The culprit is trojan called Obad.a, which the company has already branded the most sophisticated piece of mobile malware it has spotted. It comes in 12 flavors so far, and usually spreads via SMS, hacked apps websites, or in the dodgier end of the Android market scene.

Now it appears the Obad boys have teamed up with the makers of malware called Opfake.a, which uses a separate method of propagation by exploiting a flaw in Google Cloud Messaging. GCM was designed to ping out updates and fix phone settings remotely, and allows the sending of 4KB messages to anyone using a specific application.

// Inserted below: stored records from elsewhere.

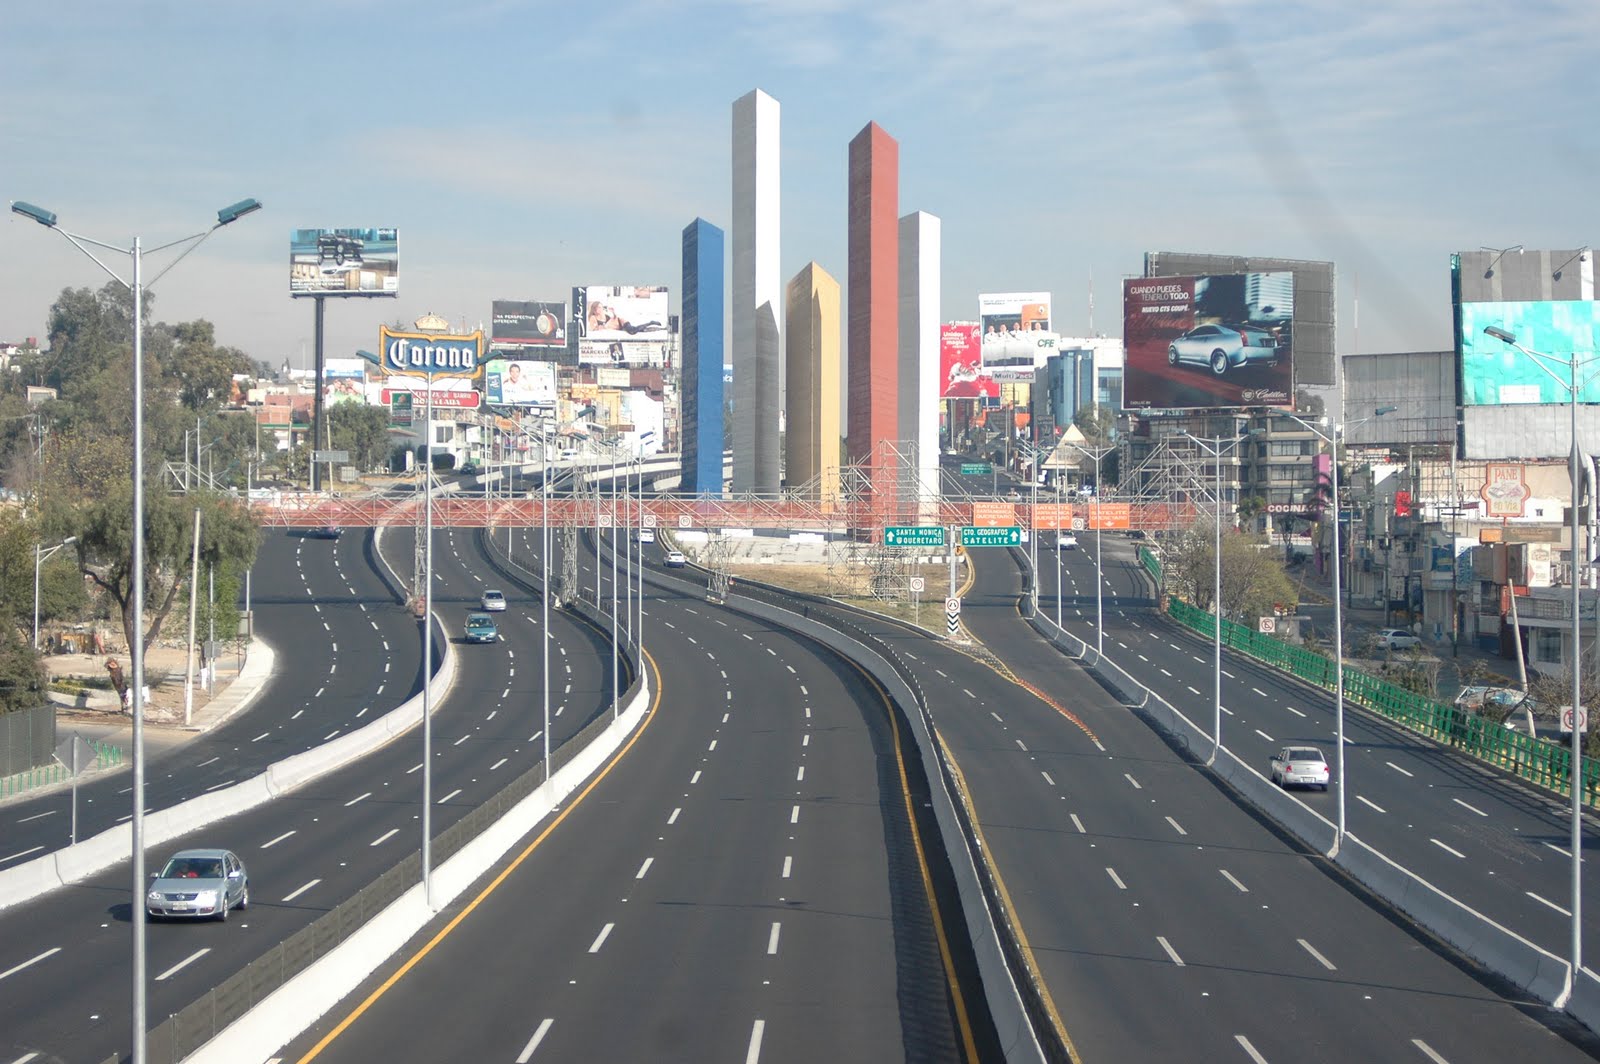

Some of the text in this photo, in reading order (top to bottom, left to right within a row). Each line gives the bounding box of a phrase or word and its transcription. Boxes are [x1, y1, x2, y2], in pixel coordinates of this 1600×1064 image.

[1131, 285, 1181, 294] CUANDO PUEDES
[1037, 338, 1054, 348] CFE
[390, 338, 475, 370] Corona
[1256, 388, 1287, 399] Cadillac
[1494, 468, 1518, 482] PANE
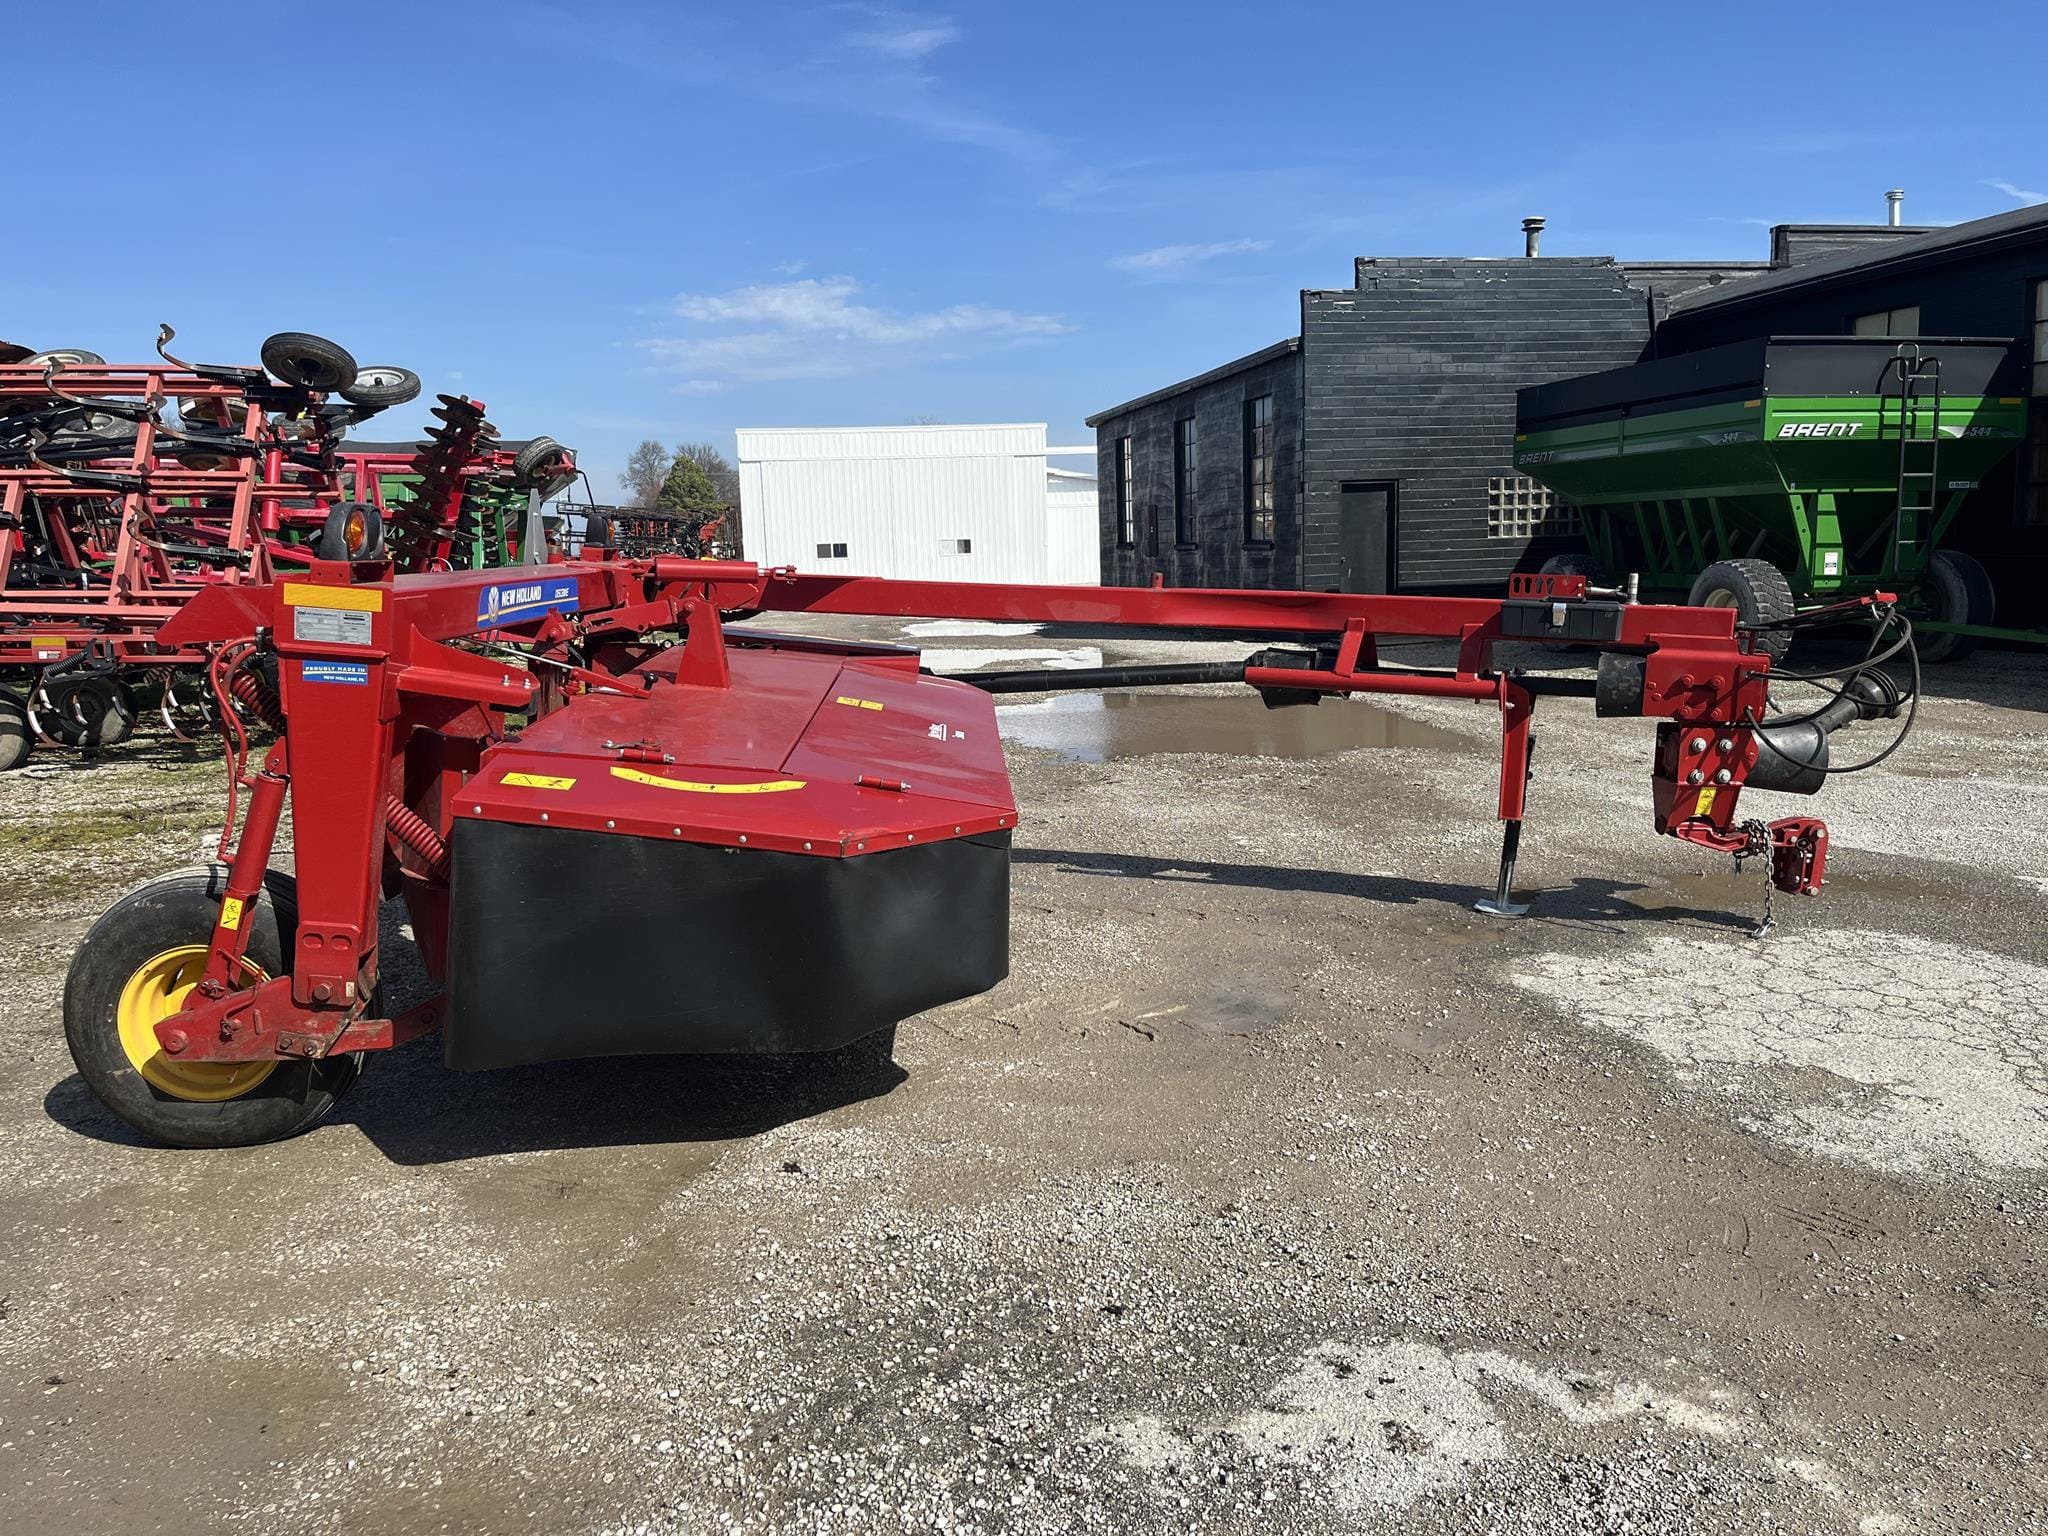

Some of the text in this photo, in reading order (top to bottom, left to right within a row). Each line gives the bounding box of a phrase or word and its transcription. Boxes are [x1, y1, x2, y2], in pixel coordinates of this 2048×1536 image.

[1721, 431, 1739, 443] 544
[1778, 422, 1863, 437] BRENT
[1969, 426, 1991, 437] 544
[1518, 450, 1556, 465] BRENT
[501, 589, 516, 607] NEW
[516, 585, 542, 604] HOLLAND

Kaspersky have found more than a million installers of Opfake in circulation so far. The code sets up a backdoor communications channel to C&C servers, then starts pinging out premium text messages, stealing contacts, and spamming itself outwards – but now some copies are carrying Obad as an extra payload.

Once Opfake is installed, it uses GCM to send out a message of an update (in once case 600 of the things in five hours) and loads Obad.a under the names of mms.apk or mmska.apk. Once installed, the pernicious malware gains Device Administrator privileges and hides itself from file searches, before contacting its C&C servers and spamming itself out in a splurge of activity.



"These peaks are the result of using third-party botnet resources – mobile devices infected with other malware," said Unuchek. "That means that the owners of Backdoor.AndroidOS.Obad.a not only command their own software to spread itself, they also take advantage of Trojans operated by other cybercriminals."

The Obad payload isn't carried on all Opfake samples, and Unuchek concludes that the malware team "rented part of a mobile botnet to spread their brainchild." So far, 83 per cent of Obad infections have come from Russia, with outbreaks reported in Kazakhstan, Uzbekistan, Belarus, and Ukraine.

After consultations with the Chocolate Factory, Kaspersky reports that the flaw that allows Obad to embed itself has been patched, but only in the Android 4.3 build – meaning that unless you have one of a very few Nexus devices, you're wide open.